Source records -

▼

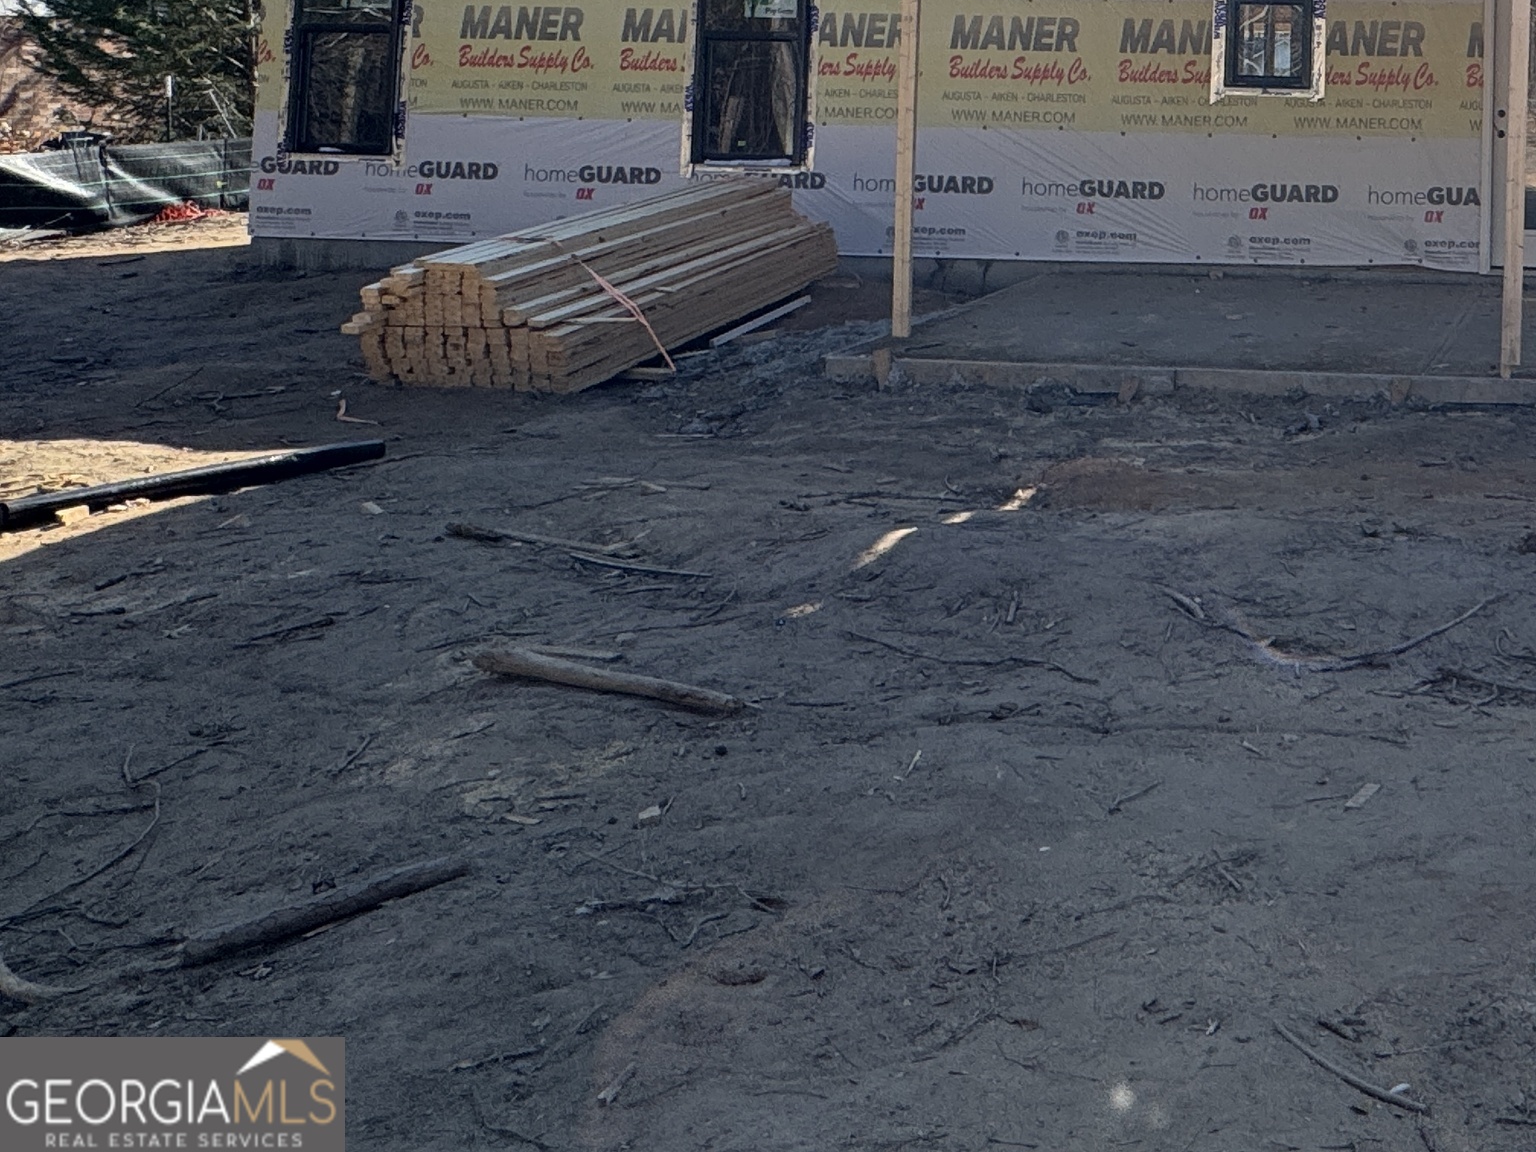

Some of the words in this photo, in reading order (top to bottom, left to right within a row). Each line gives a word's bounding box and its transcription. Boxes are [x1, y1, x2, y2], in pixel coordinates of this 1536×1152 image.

[460, 5, 585, 42] MANER
[818, 11, 903, 49] ANER
[950, 14, 1081, 53] MANER
[1118, 18, 1212, 55] MAN
[1326, 20, 1426, 58] ANER
[411, 43, 434, 69] Co.
[459, 45, 514, 70] Builders
[517, 45, 568, 74] Supply
[572, 46, 595, 73] Co.
[619, 47, 678, 72] Builders
[843, 52, 896, 83] Supply
[948, 54, 1008, 81] Builders
[1011, 55, 1065, 86] Supply
[1067, 56, 1092, 85] Co.
[1117, 58, 1180, 85] Builders
[1353, 61, 1411, 92] Supply
[1413, 62, 1439, 91] Co.
[451, 79, 490, 90] AUGUSTA
[531, 80, 588, 92] CHARLESTON
[612, 82, 652, 94] AUGUSTA
[660, 83, 681, 94] AIKE
[824, 89, 851, 100] AIKEN
[859, 89, 899, 100] CHARLES
[942, 91, 982, 102] AUGUSTA
[991, 92, 1019, 102] AIKEN
[1027, 93, 1087, 104] CHARLESTON
[1112, 95, 1153, 106] AUGUSTA
[1162, 96, 1189, 106] AIKEN
[1335, 99, 1365, 109] AIKEN
[1373, 99, 1434, 110] CHARLESTON
[524, 163, 662, 184] homeGUARD
[853, 171, 994, 194] homGUARD
[257, 179, 275, 191] OX
[415, 183, 434, 196] OX
[575, 188, 596, 201] OX
[1022, 177, 1166, 200] homeGUARD
[1193, 182, 1340, 204] homeGUARD
[1367, 185, 1481, 206] homeGUA
[414, 210, 472, 222] oxep.com
[1075, 202, 1097, 215] OX
[1248, 207, 1269, 221] OX
[1424, 210, 1445, 224] OX
[913, 226, 966, 239] xep.com
[1248, 234, 1311, 246] oxep.com

▲

ACTIVITY -
Look over the records above, and wherever a line contains the string "CHARLESTON", copy that line.

SOLUTION -
[531, 80, 588, 92] CHARLESTON
[1027, 93, 1087, 104] CHARLESTON
[1373, 99, 1434, 110] CHARLESTON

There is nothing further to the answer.